Exercise brief:
Please return the listing exactly as it stands, skipping any pictures.

Data to examine:

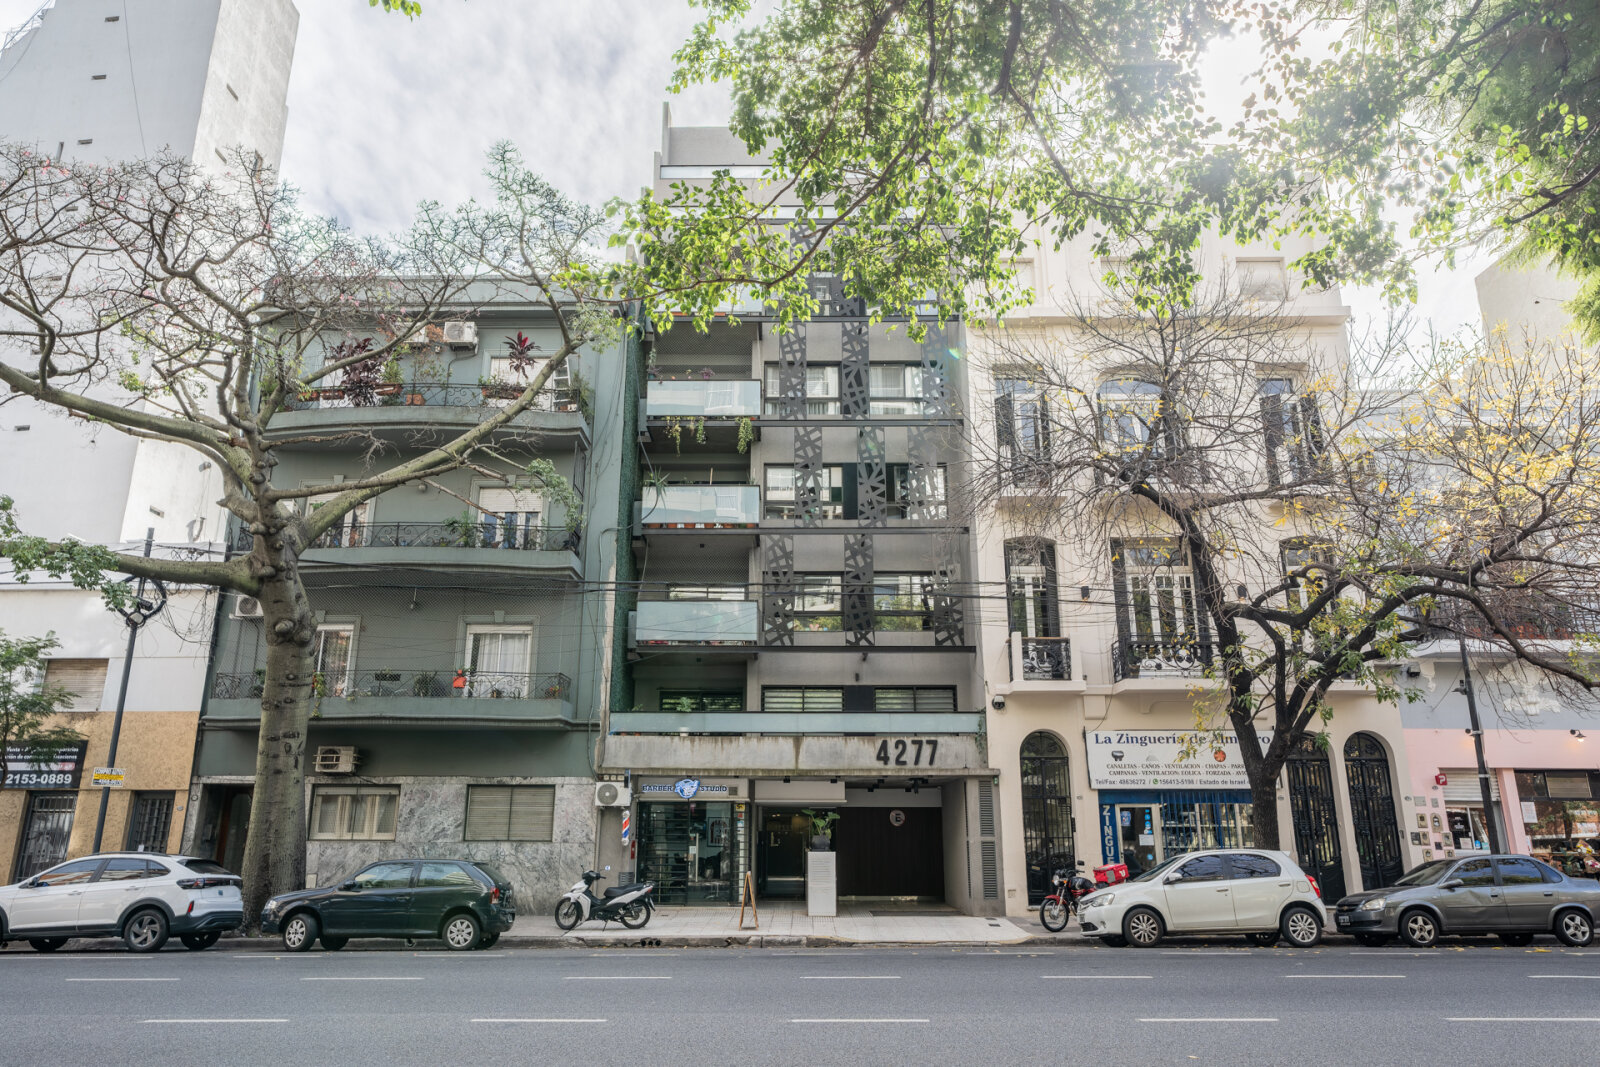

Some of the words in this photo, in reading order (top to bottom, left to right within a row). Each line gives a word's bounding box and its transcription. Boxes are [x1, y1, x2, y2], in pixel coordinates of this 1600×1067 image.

[1095, 733, 1112, 744] La
[1116, 733, 1184, 747] Zinguería
[1190, 733, 1206, 744] de
[1211, 733, 1271, 744] Almo
[876, 739, 938, 766] 4277
[5, 773, 72, 784] 2153-0889
[642, 785, 673, 793] BARBER
[700, 785, 728, 793] STUDIO
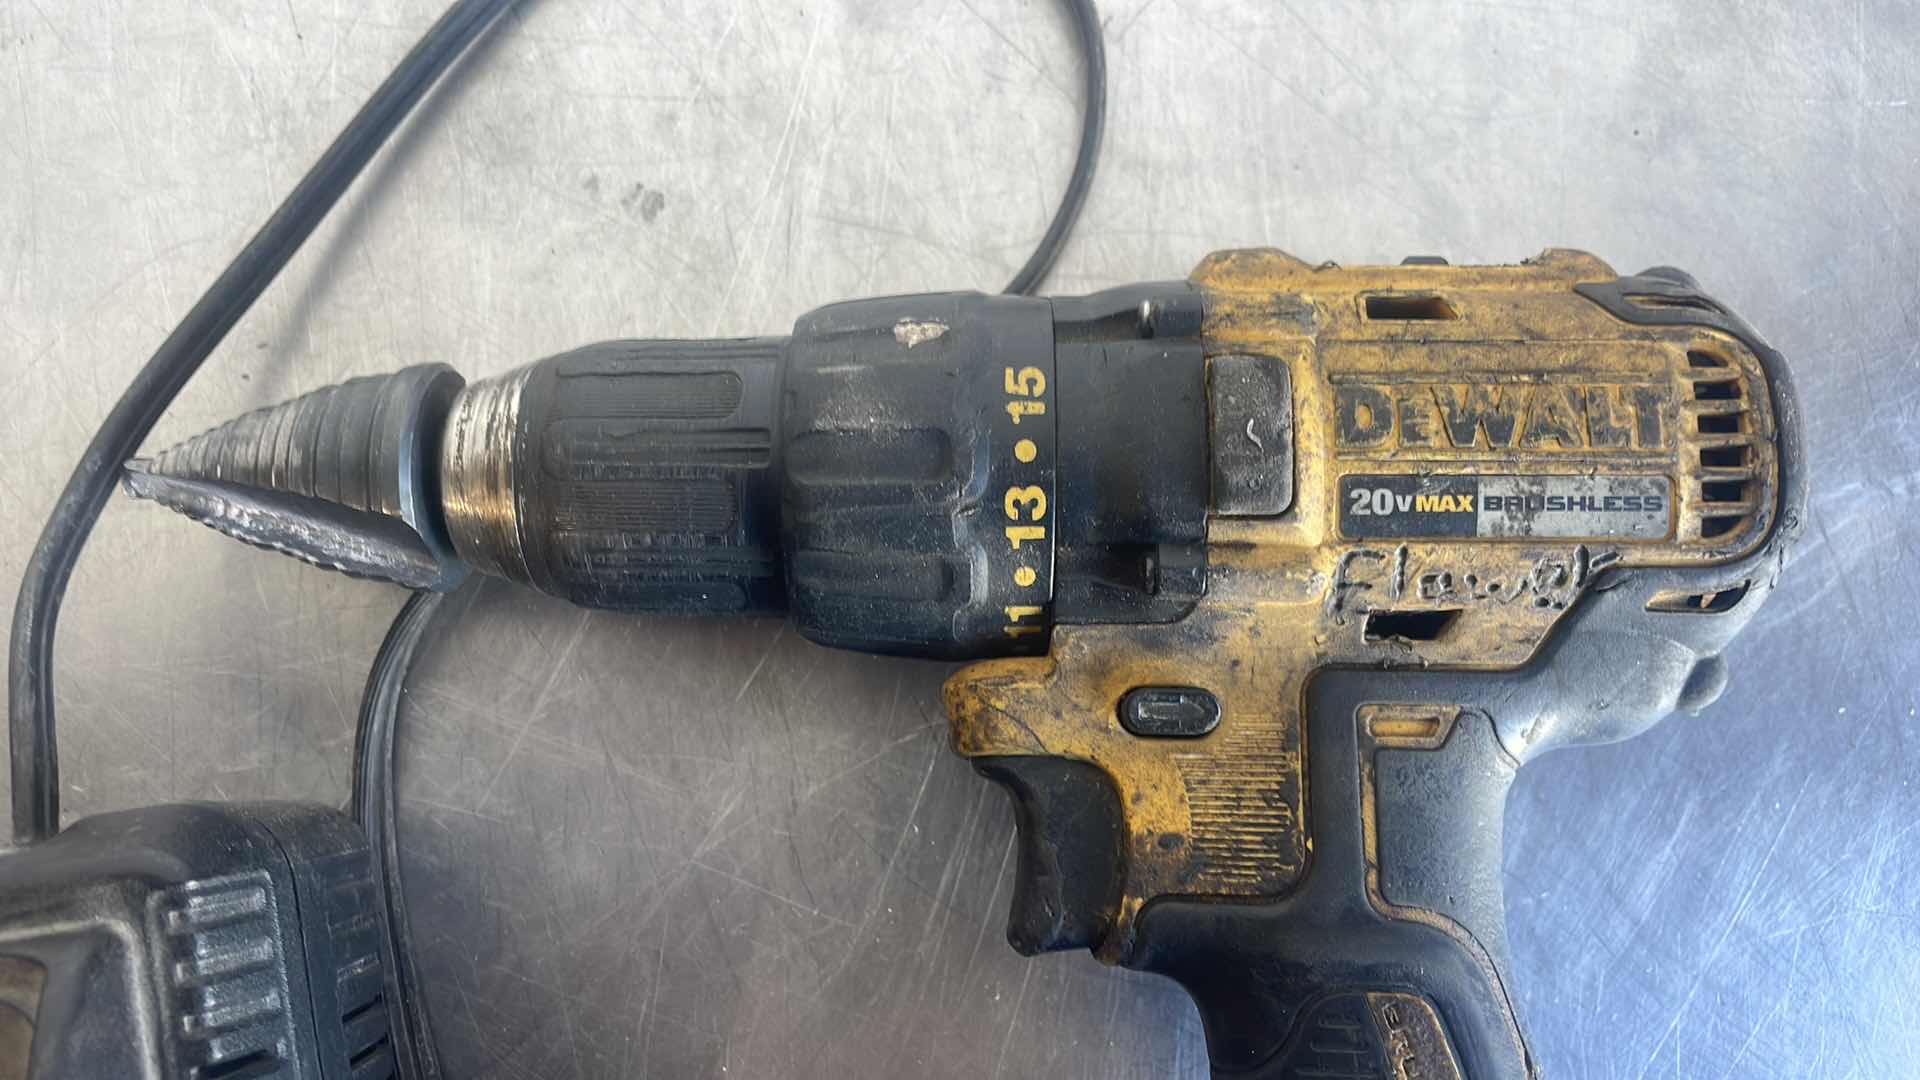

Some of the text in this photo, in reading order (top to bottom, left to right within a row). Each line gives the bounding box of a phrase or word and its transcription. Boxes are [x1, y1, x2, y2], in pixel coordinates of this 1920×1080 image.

[1004, 365, 1047, 425] 15
[1334, 383, 1674, 449] DEWALT
[1004, 485, 1047, 550] 13
[1415, 495, 1474, 513] MAX
[1483, 496, 1664, 513] BRUSHLESS
[1003, 605, 1043, 638] 11
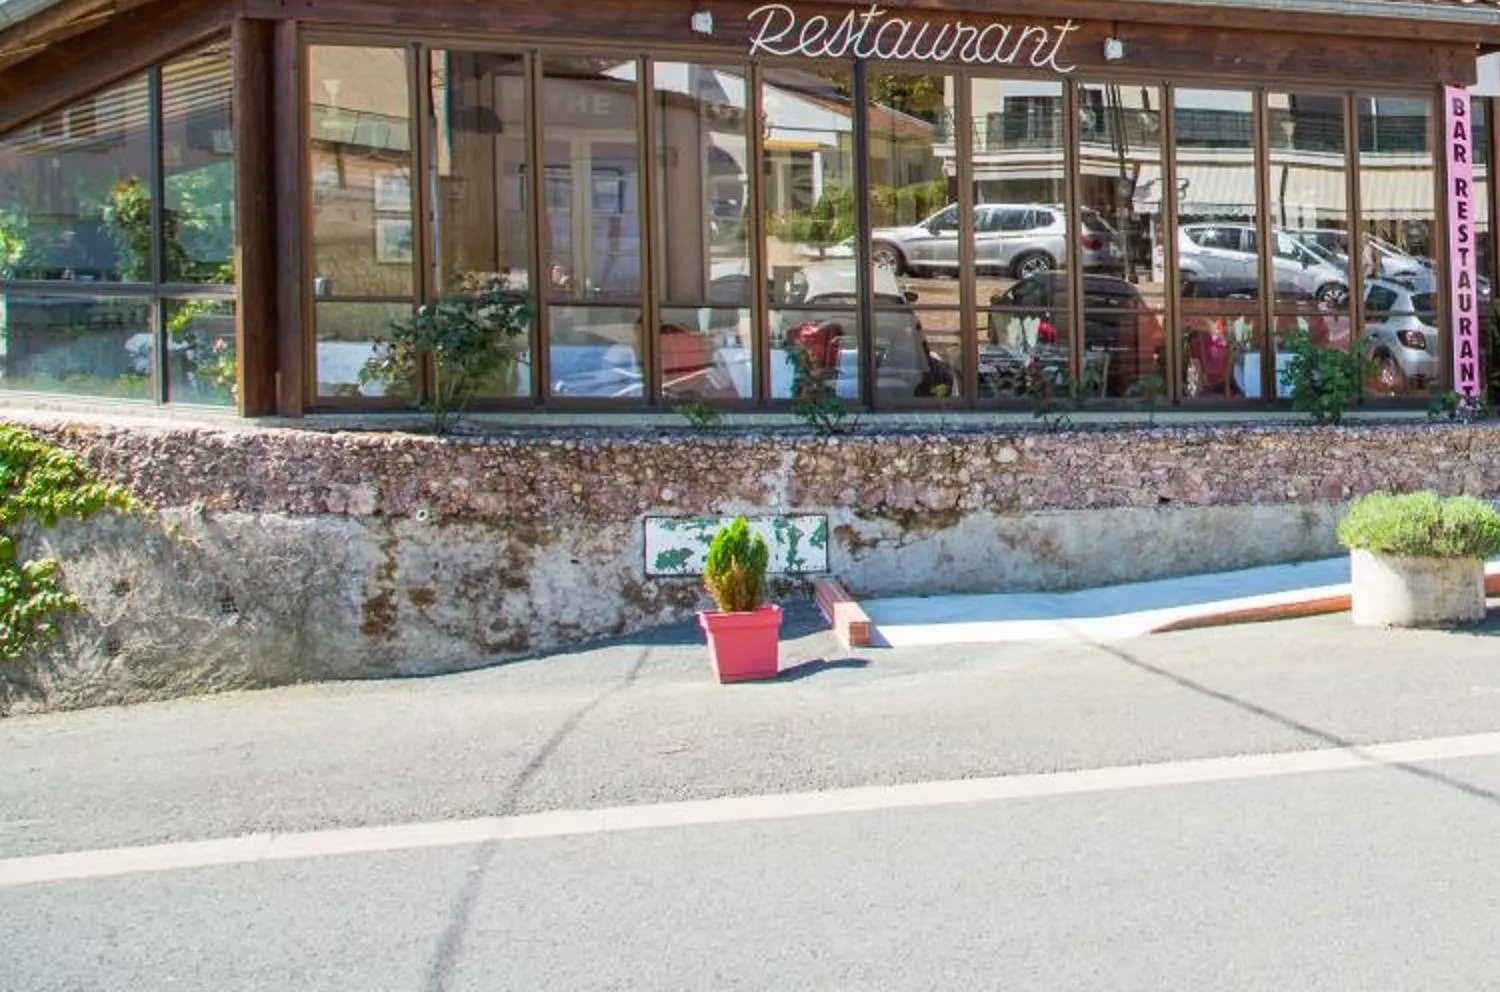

Task output:
Some of the words in this photo, in reading order (top to bottom, left to right within a row). Each line gives a word's bounding box and its transcription. Boxes are [x1, y1, x2, y2], in pixel coordinates of this 1600×1067 image.

[1095, 733, 1112, 744] La
[1116, 733, 1184, 747] Zinguería
[1190, 733, 1206, 744] de
[1211, 733, 1271, 744] Almo
[876, 739, 938, 766] 4277
[5, 773, 72, 784] 2153-0889
[642, 785, 673, 793] BARBER
[700, 785, 728, 793] STUDIO

Some of the text in this photo, in reading order (top to bottom, left to right within a row). Each line gives the bounding box of a phrase or word and its transcription. Boxes are [x1, y1, x2, y2], in pixel coordinates of this 1920×1080 image.

[1004, 365, 1047, 425] 15
[1334, 383, 1674, 449] DEWALT
[1004, 485, 1047, 550] 13
[1415, 495, 1474, 513] MAX
[1483, 496, 1664, 513] BRUSHLESS
[1003, 605, 1043, 638] 11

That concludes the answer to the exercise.